Coh-Metrix & Coh-Git



readability formulas    Coh-Metrix & Coh-Git    Methods    Timeline

Coh-Metrix automatically determines how text elements and constituents are connected for specific types of cohesion. Suppose there are (2 x 2 x 5 =) 20 types of cohesion (local and global, vocabulary- and grammar-driven, referential, locational, temporal, causal, and structural). Suppose that there are N elements and constituents in a particular text. There would be N x (N-1) directional cohesion connections and [N x (N-1)/2) bidirectional connections with respect to any one of the 20 cohesion relations. We can capture the resulting set of connections in the form of a matrix (Graesser, Karnavat et al., 2000; Kintsch, 1998; Zwaan et al., 1995). A cell in the matrix is 0 if there is no particular relation between a pair of elements/constituents, a 1 if a solid relation, and intermediate values if there is a non-discrete metric. The full matrix has the entire set of connections with respect to a type of relation R, whereas the contiguous sub-matrix includes only those elements/constituents that are contiguous in the explicit text. We can define a density measure as the summation of such cell values. For example, the causal cohesion density would be computed as:
[S R(ei, ej)]/[N x (N-1)]

which is the average cell value for pairs of cells with respect to the causal relation. One could restrict this to a contiguous, bi-directional, causal cohesion density, which only considers the contiguous elements and constituents, computed as

[S R(ei, ej | ei & ej are contiguous)]/[N+1)]
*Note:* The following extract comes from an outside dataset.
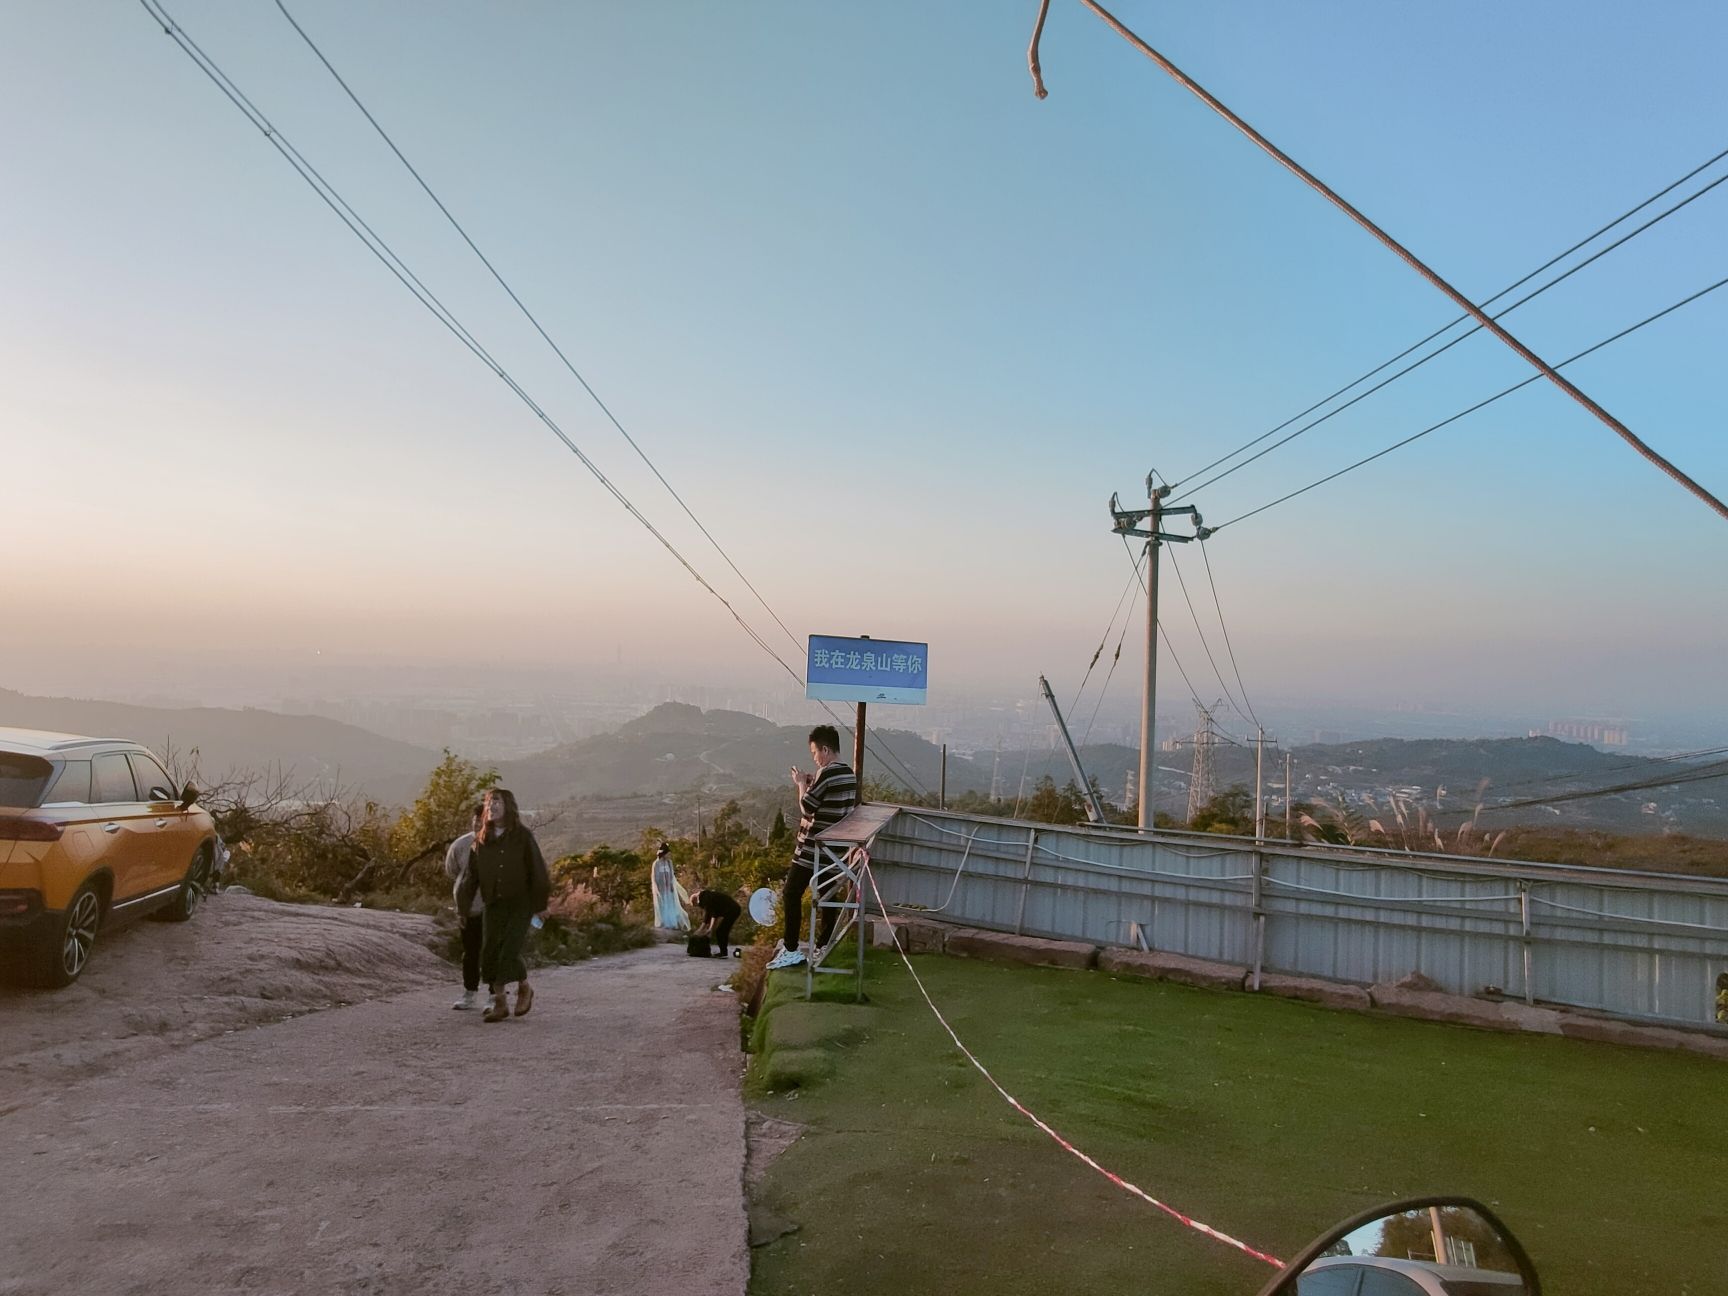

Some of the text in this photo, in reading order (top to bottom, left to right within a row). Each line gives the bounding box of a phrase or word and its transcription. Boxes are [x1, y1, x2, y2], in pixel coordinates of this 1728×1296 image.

[814, 649, 922, 673] 我在龙泉山等你
When integrating over all types of cohesion markers, one can compute an overall cohesion density score for a particular text. More importantly, however, these density scores would specify how much an entire text has cohesion markers with respect to a particular type of relation. For instance, it might be the case that different readers (low vs. high knowledge, low vs. high reading ability) rely more on one type of cohesion relation than another.
A fine-grained recall analysis can be used to test the validity of the coherence and cohesion metrics produced by Coh-Metrix. Suppose that a recall protocol is collected from a sample of subjects on a text with N elements/constituents. Each cell in the matrix would have different types of recall measures. For example, a recall proportion is the proportion of observations in which both nodes ei & ej are present in a particular recall protocol, with values varying from 0 to 1. A multiple regression analysis can indicate whether the [N x (N-1)]/2 recall proportions are predicted by each of the cohesion matrices as predictor variables (i.e., one for referential, one for causal, etc.). There is a large number of cells in such analyses; if N = 40, then the number of cells is 780. Similarly, we can do this for contiguous recalls, for distance in recall order, for time measures, and so on.
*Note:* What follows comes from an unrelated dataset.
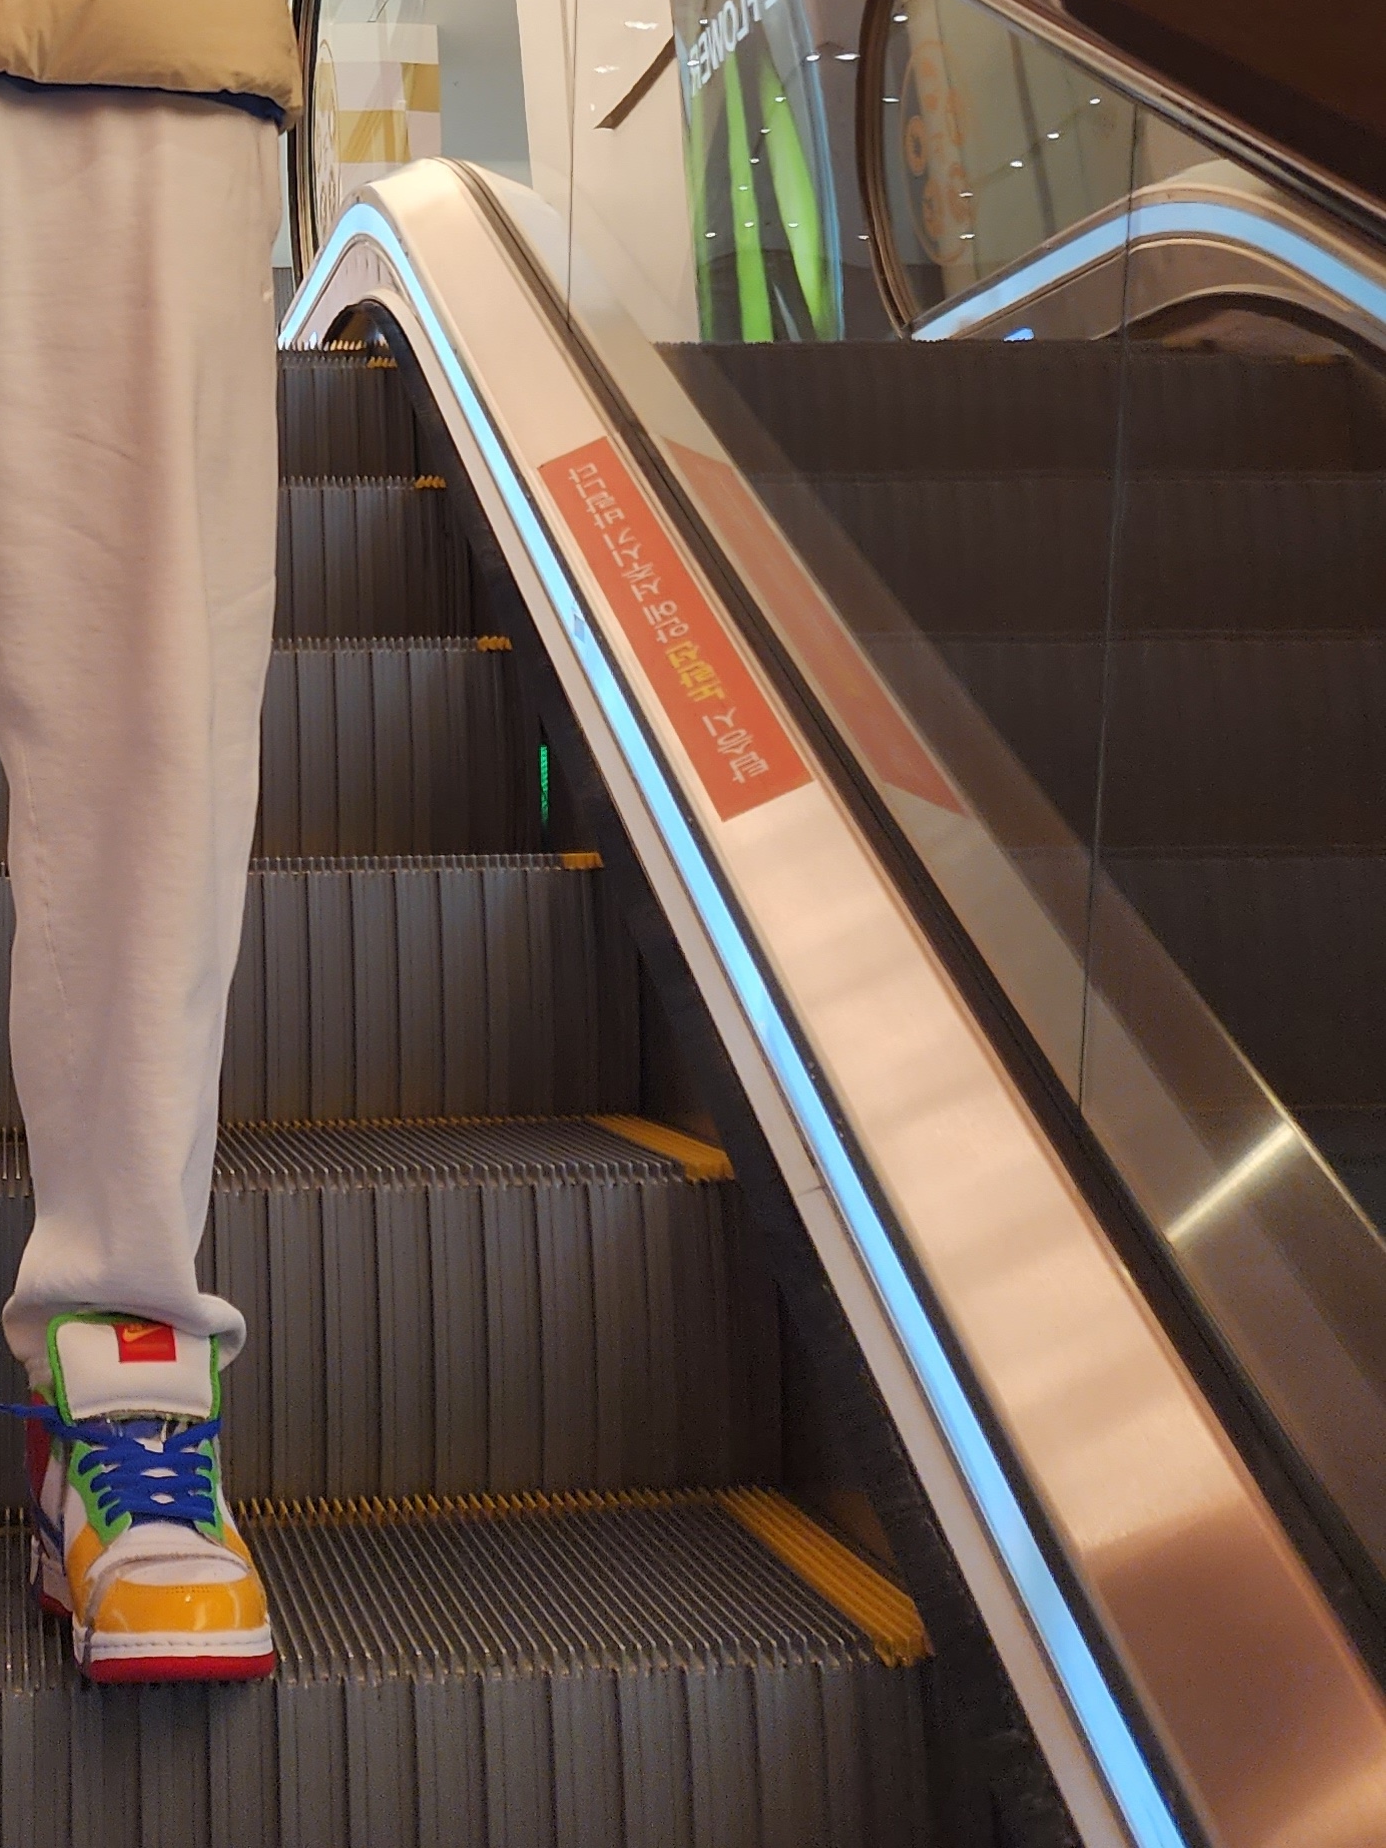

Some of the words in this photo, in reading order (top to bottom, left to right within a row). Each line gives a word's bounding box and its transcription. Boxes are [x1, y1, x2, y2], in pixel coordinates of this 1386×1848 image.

[568, 462, 625, 530] 바랍니다
[642, 600, 689, 644] 안에
[665, 640, 726, 703] 노란선
This method would give us overall weights for cohesion relations, which can then be but in a formula to determine readability, comprehension, learning, and appropriateness scores. However, as we mentioned before, different readers might rely on different cohesion relations. Therefore, in addition to these overall scores, we want to include differences between readers. If the user has information on the knowledge of the reader (high – low) or reading ability (high – low), this information can be entered in the computational model to tailor the formula to particular groups of readers, thus increasing the accuracy of the scores.

In addition to Coh-Metrix, we will develop Coh-GIT to analyze where the relevant cohesion relations are located in the text. This way, writers and educators cannot only predict the readability, comprehensibility, learnability, and appropriateness of a text for a particular reader group but also improve the problematic aspects of that text. Zwaan et al. (1995) has reported that reading times for sentences in narrative texts increase robustly with the number of coherence categories that have breaks in continuity (i.e., the current sentence being read is not coherently related to the previous context with respect to a particular coherence category).